"The human and animal gut is like an incubator for these resistant bacteria," Wang said. Another study in the journal, by U.S. Department of Agriculture Agricultural Research Service authors, reported similar finding in organic pigs. A group at Iowa State University reported an anti-inflammatory drug can also facilitate the development of antibiotic-resistant bacteria.
"These findings play a critical role in revealing details about how antibiotic resistance develops in the environmental, food and gut microflora," Wang said. "These details will help scientists down the road and shed light on how we might control the problem, solving it from its root causes."
Researchers have already seen some success, Wang said. A 2006 study reported antibiotic resistance in many foods, including meat, salad, cheese and seafood products from grocery stores, primarily carried by commensal bacteria including lactic acid bacteria. Since then, Wang's lab, in collaboration with Ohio State colleagues Valente Alvarez and James Harper and the dairy industry, examined the cheese-making process and found a way to control the problem. A report on that research, also in the journal, showed that retail cheese samples collected in 2010 found only sporadic incidences of antibiotic-resistant bacteria in such foods, suggesting the systemic issue has been taken care of.

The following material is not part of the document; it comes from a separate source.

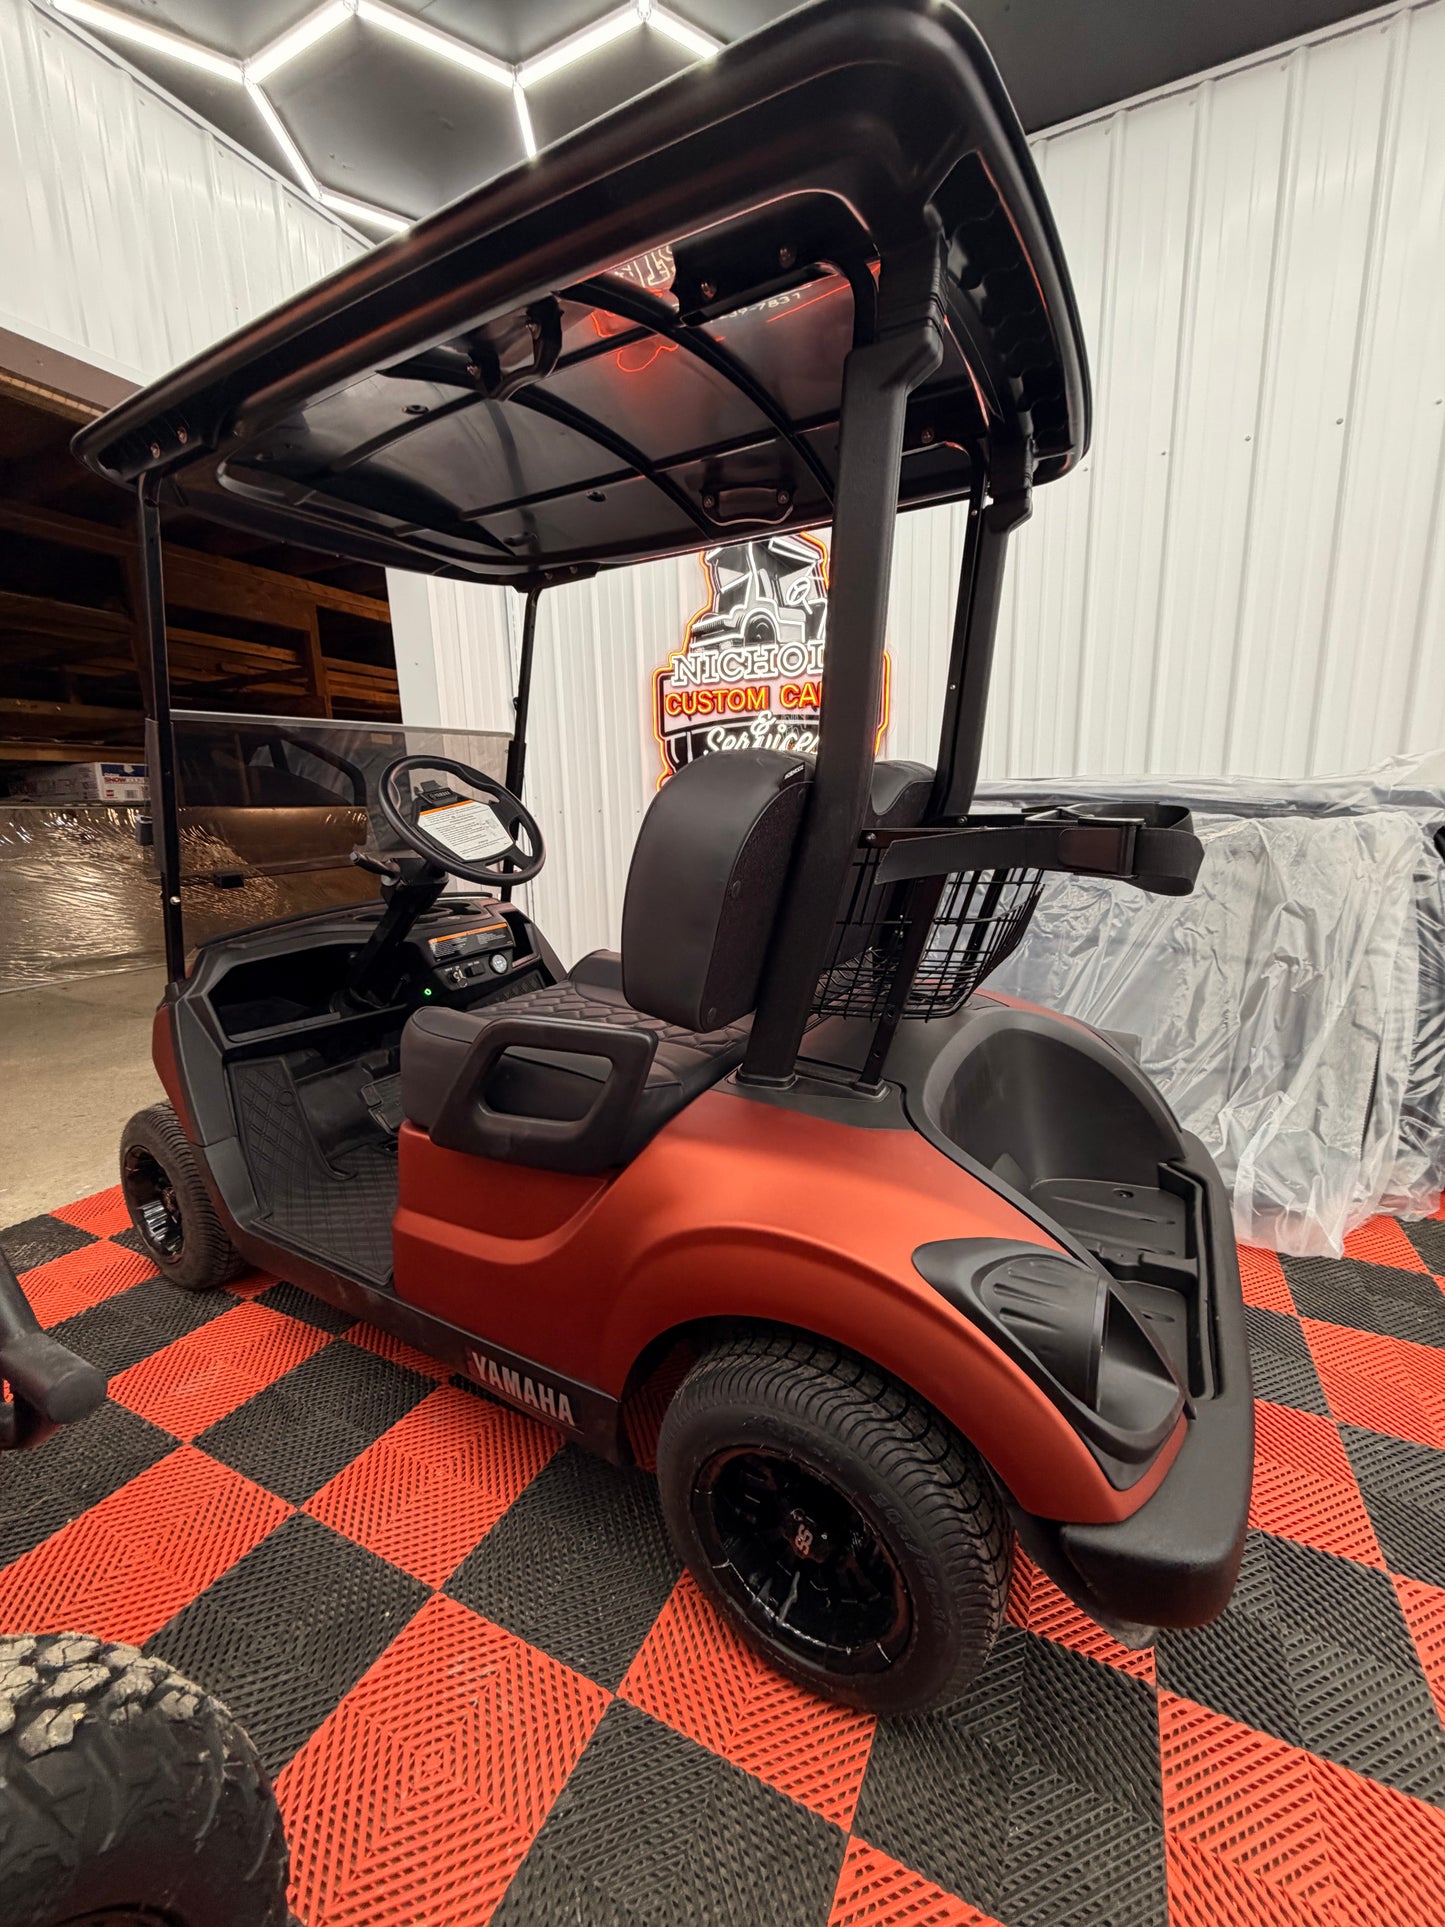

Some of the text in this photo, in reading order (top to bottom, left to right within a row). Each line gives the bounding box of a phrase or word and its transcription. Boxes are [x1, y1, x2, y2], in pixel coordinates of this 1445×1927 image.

Wang said she and her colleagues have put together an expert recommendation and have submitted it to various government agencies, including the National Antimicrobial Resistance Monitoring System, a joint operation of the Food and Drug Administration, USDA, and the Centers for Disease Control and Prevention, and have published the recommendation in American Society for Microbiology's official magazine, "Microbe." USDA's Agricultural Research Service has already included a focus on antibiotic resistance and commensal bacteria in its five-year strategic plan, and the content of the recommendation is also reflected in the 2011 Codex Guidelines for Risk Analysis of Foodborne Antimicrobial Resistance by WHO/FAO, Wang said.
"The overarching goal is to effectively solve the problem of antibiotic resistance," Wang said. "With the new scope and knowledge, our chance of success is greatly increased. We may not be far from achieving our goal, possibly even within the next several years."